Aku langsung memeluknya erat

“Oppa, untuk apa kamu memanggilku seperti itu..” kataku

“Hey, jangan seperti ini. Bagaimana kalau ada yang melihat kita?” elaknya sambil berusaha melepas pelukanku

“Ini kan kamarku, jadi oppa tidak usah khawatir..”

“Hajiman..”

“Apa oppa tidak suka aku memelukmu?”

“Hmm..”

“Oppa..” Kali ini kupasang raut wajah sedih

“Tentu saja aku suka. Aku hanya takut ada yang melihat kita berdua seperti ini..” katanya sambil membalas pelukanku

Aku tersenyum mendengarnya, lalu langsung mencium pipinya.

“Aku justru ingin semua orang tau tentang hubungan kita , biar kita tidak usah main kucing-kucingan seperti ini terus..” kataku

“Kau tau kan kalo itu tidak bisa, aku..hanyalah pengawal pribadimu. Status kita jauh berbeda..”

Dia dekatkan wajahnya, lalu mengecup lembut bibirku..

“Saranghaeyo, Hae Mi ya..” bisiknya

 

Lee Junho adalah pengawal pribadiku sekaligus namjachinguku. Usianya 3 tahun lebih tua dariku. Entah kenapa aku bisa fall in love padanya. Itu terjadi sekitar 3 bulan yang lalu..

#Flashback…

“Lepaskan..” Kucoba kibas-kibaskan tanganku agar terlepas dari genggaman seorang namja bertubuh besar

Didepanku kini berdiri 3 namja bertubuh besar yang tidak kukenal

“Kubilang lepaskan tanganku. Apa kau tidak tau siapa aku? Aku ini…”

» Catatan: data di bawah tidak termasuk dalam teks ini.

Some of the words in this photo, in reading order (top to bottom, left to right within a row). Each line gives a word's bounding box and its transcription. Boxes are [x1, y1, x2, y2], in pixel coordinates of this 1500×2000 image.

“HAHAHAHAAHAAA…Agassi, aku tidak tau siapa anda, aku hanya diperintahkan untuk menculikmu. Bagaimana kalo kita main dulu? Neomu yeppeo agassi..” katanya sambil nyengir

“Boleh juga, bos tidak akan tau apa-apa..” sahut namja yang lainnya

“Ok guys, lets do it..” ucap namja yang satunya lagi

Mereka mulai mendekatiku, memasang wajah nyengir yang menyeramkan, lalu memegang kuat tanganku. Aku berusaha menolak, teriak, tapi tidak ada yang mendengar suaraku. Yang bisa kulakukan hanya menangis, menyesal, seharusnya aku tidak pulang sendiri, seharusnya…

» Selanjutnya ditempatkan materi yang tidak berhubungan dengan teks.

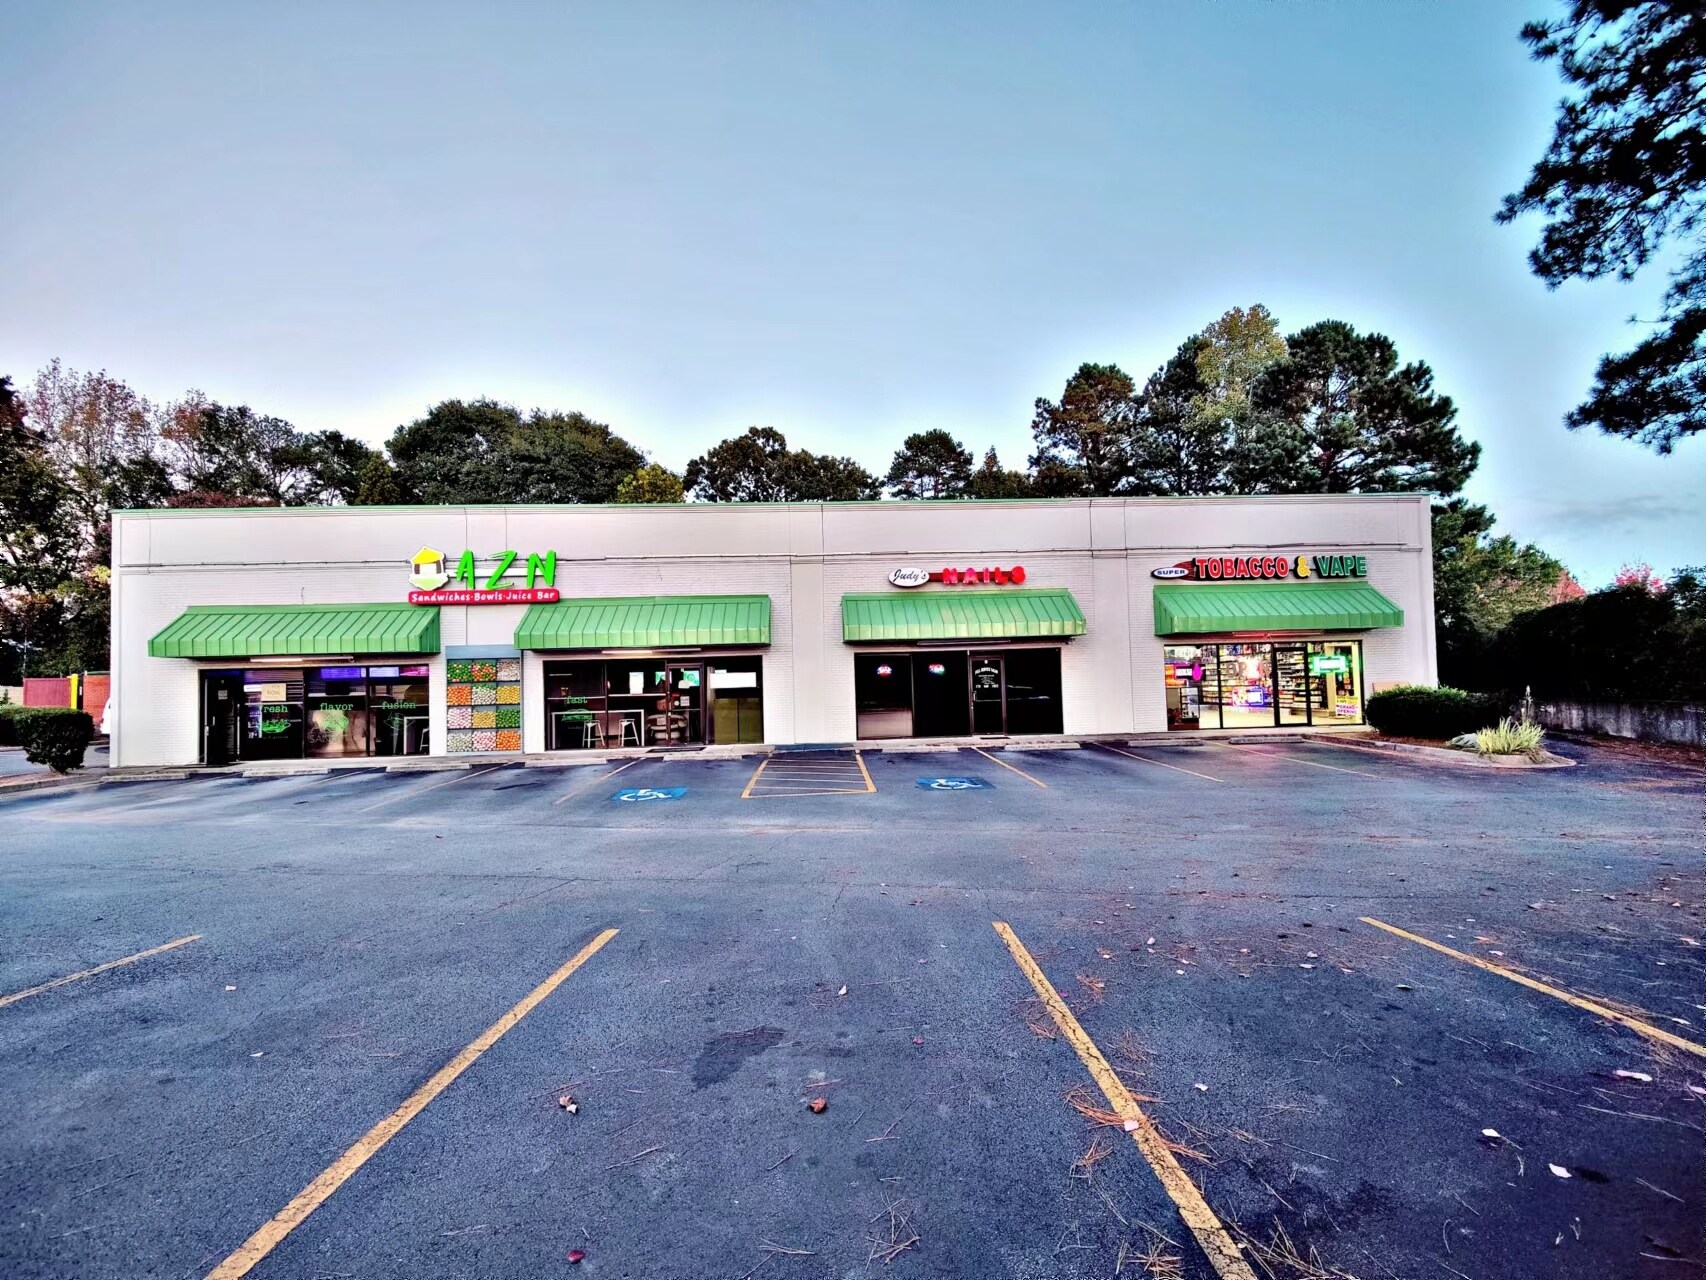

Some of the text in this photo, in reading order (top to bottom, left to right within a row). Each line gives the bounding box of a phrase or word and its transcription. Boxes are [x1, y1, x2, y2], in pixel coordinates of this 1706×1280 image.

[455, 548, 556, 590] AZN
[1195, 556, 1289, 579] TOBACCO
[1296, 555, 1312, 578] &
[1315, 556, 1368, 577] VAPE
[893, 566, 1026, 585] Judy's NAILS
[506, 591, 532, 601] Juice
[537, 591, 555, 599] Bar
[566, 695, 588, 704] fast
[319, 702, 354, 711] flavor
[381, 700, 417, 710] fusion

Saat aku mulai pasrah, tiba-tiba kudengar bunyi dobrakan pintu, disusul salah satu namja yang mendekatiku, terlempar jauh menabrak dinding. Setelah itu, kedua namja yang lainnya berusaha memukul seseorang yang berusaha menolongku itu, tapi melesat. Orang itu berhasil menghindar lalu memukul keras perut namja itu hingga jauh terlempar. Namja yang satunya lagi berniat menusukkan pisau ke orang itu, tapi orang itu berhasil memelintir tangan namja itu.

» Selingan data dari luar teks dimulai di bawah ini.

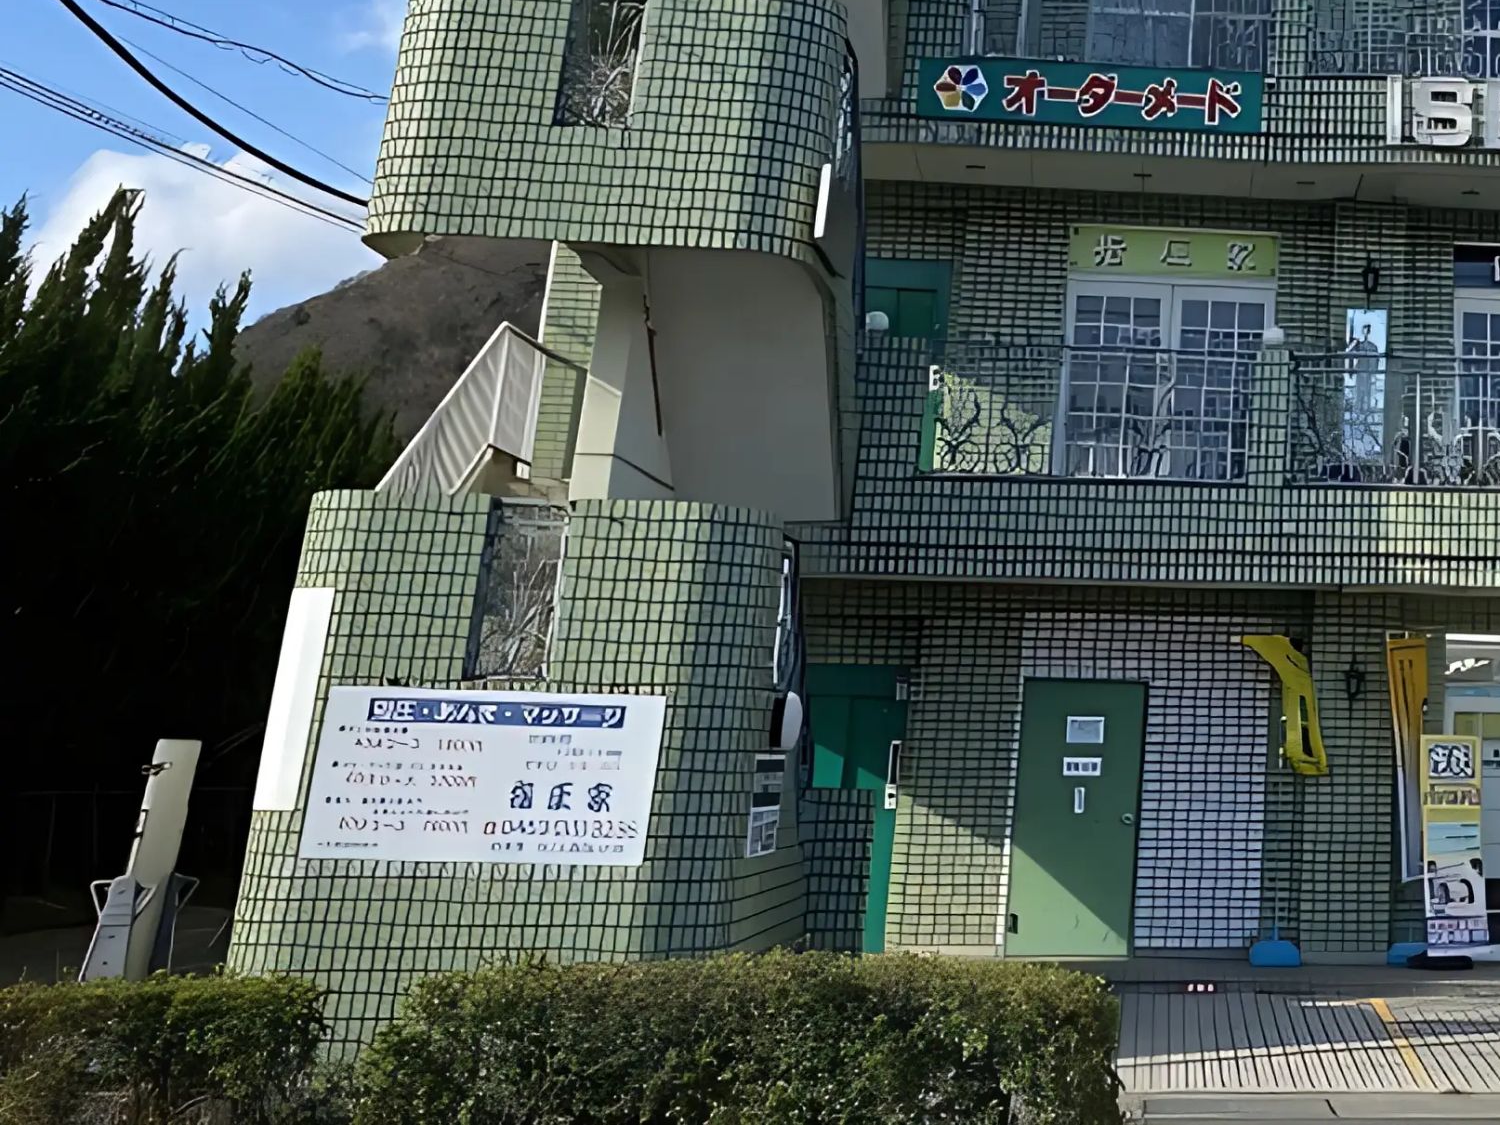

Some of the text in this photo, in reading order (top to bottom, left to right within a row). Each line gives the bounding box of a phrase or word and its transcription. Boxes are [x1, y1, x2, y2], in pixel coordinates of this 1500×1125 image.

[1001, 70, 1242, 126] オーダーメード

“Sebaiknya kalian menyerah sekarang. Kalo tidak, kalian akan masuk penjara karena polisi sudah menuju kesini..” kata orang itu

Orang itu melepas tangan namja yang satunya, membuatnya lari terbirit-birit disusul kedua temannya.

“Agassi” ucap orang itu sambil mendekatiku

Pelan-pelan kupandangi orang itu…

“Junho..” kataku pelan

“Ne agassi. Anda tidak apa-apa..” tanyanya khawatir

Tanpa sadar aku memeluknya, menangis di dadanya..

“Aku..aku takut sekali. Kukira…aku..aku…sudah..sudah…”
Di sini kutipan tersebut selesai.